После войны первый раз я увидел Аллу на встрече партизан в Минске. И не узнал, так она изменилась — как старуха, вся в морщинах. Мне на нее указали и сказали, кто это, тогда только я понял. Никто не мог бы узнать в этой седой, в морщинах, истерзанной женщине бывшую красавицу. Страшно было говорить с ней, о чем-то спрашивать, потому что это переворачивало бы ей сердце.
Вообще я себе не могу простить, что я мало с ней после войны говорил, мало ее расспрашивал. Мне жалко было ее ранить, а надо было набраться выдержки и скрепить свое сердце, но все узнать. Если бы я знал, что буду писать… Сейчас я бы говорил с ней, но тогда я не знал об этом праве.
Вот когда я писал в Дубровке жеребцов (это в тридцать девятом году, там на конезаводе я практику проходил от Киевского художественного института), и вот я тогда старался как можно интенсивнее, быстрее работать: мне было совестно и перед конюхами, которые держали, и перед жеребцами, которых я заставлял стоять. А потом, я очень совестился расспрашивать людей о сокровенных их чувствах, и это мне теперь повредило и не дало о многом написать.
Редко на ком так ясно видна жесточайшая судьба женщины в эту войну. Потому что, помимо боев, помимо тяжести участия во всех походах, атаках наравне с мужчинами, — еще и в периоды затишья она должна была противостоять всем домогательствам окружавших ее мужчин. И не знаю, где, в какие минуты ей было легче.

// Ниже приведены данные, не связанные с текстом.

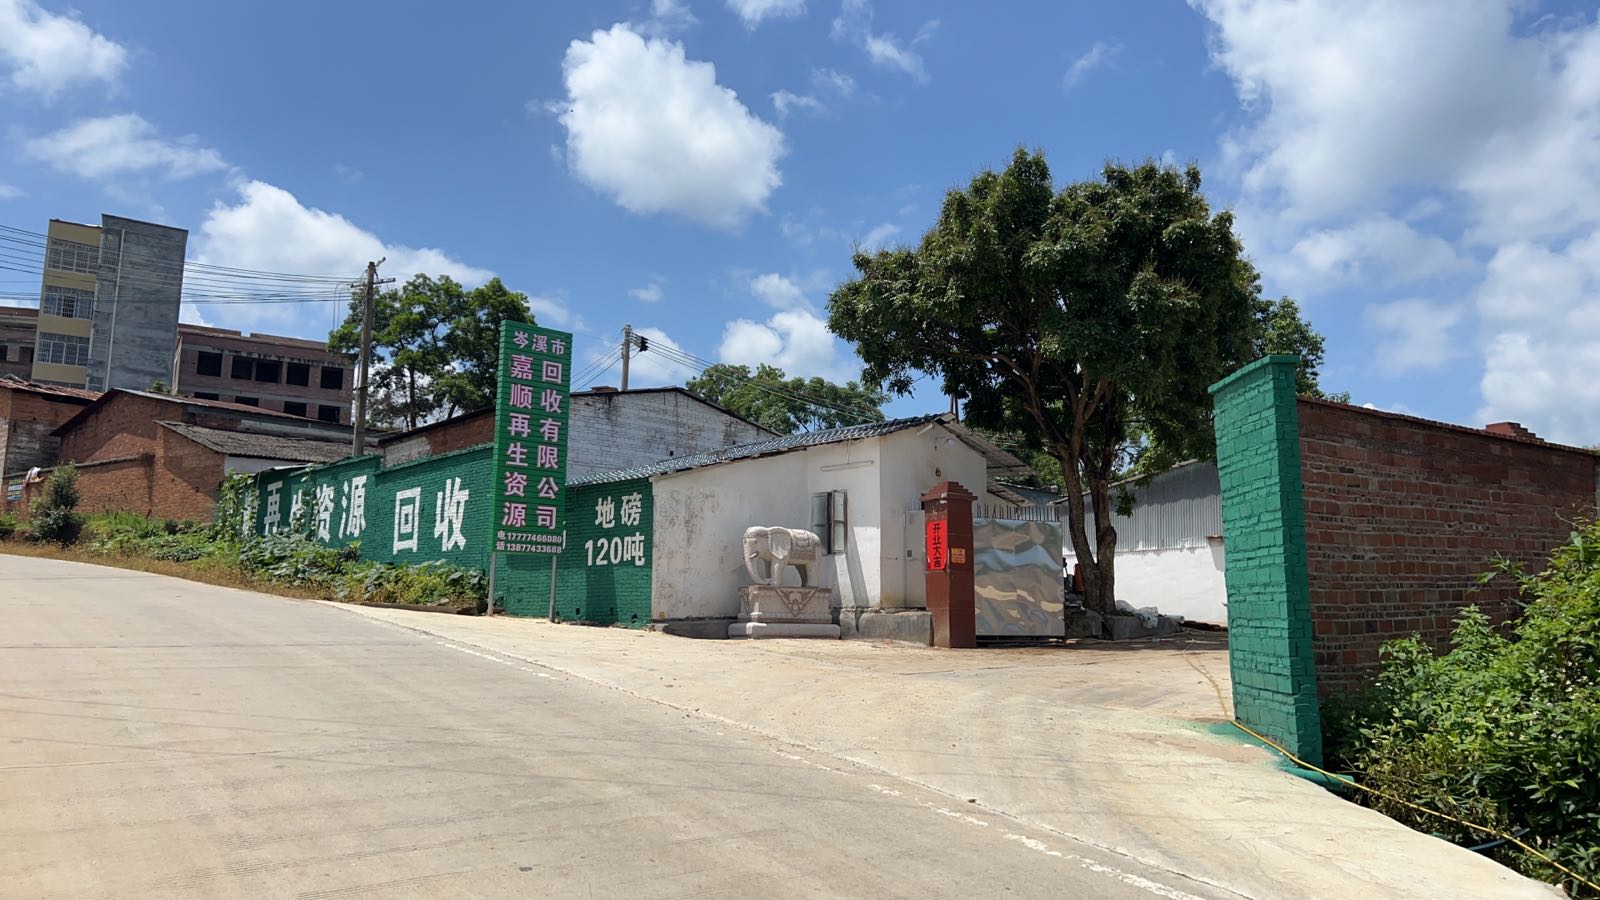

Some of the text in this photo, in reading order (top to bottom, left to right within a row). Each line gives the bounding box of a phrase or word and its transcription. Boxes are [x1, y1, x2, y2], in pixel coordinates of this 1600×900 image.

[512, 330, 566, 356] 岑溪市
[502, 354, 534, 528] 嘉顺再生资源
[536, 360, 563, 530] 回收有限公司
[595, 491, 642, 529] 地磅
[584, 532, 646, 567] 120吨
[932, 522, 942, 568] 开业大吉

И вот, вспоминаю, у нее было во взгляде что-то отсутствующее…Ни на ком другом я не чувствовал такой как бы нелепости присутствия в войне, присутствия ее среди крови, грязи, жестокости. Наверно, это и сыграло роль в плену, у немцев, и, наверно, так же это поразило и охранника, который влюбился в нее и добился освобождения, сделав своей женой. За всем этим стоит и гибель Василия, и родившийся, а потом мертвый ребенок, и этот обоз с ранеными и тифозными, где она тоже переболела тифом, и в этом состоянии вместе с обозом ее забрали в плен, потом концлагерь… И конечно, любовь того человека, ее будущего мужа, — это было светлое пятно человеческого отношения. Так что хлебнула она сильно, потому он, этот человек, и захотел сделать ее женой и матерью своих детей.
1985–1992
4. О войне
Для сохранения жизни надо было свою карту жизни класть на стол и ждать, возьмет ли ее моя судьба или оставит мне. Но и для того, чтобы сохранить свое человеческое достоинство, надо было тоже класть карту своей жизни, класть на стол и ждать воли судьбы.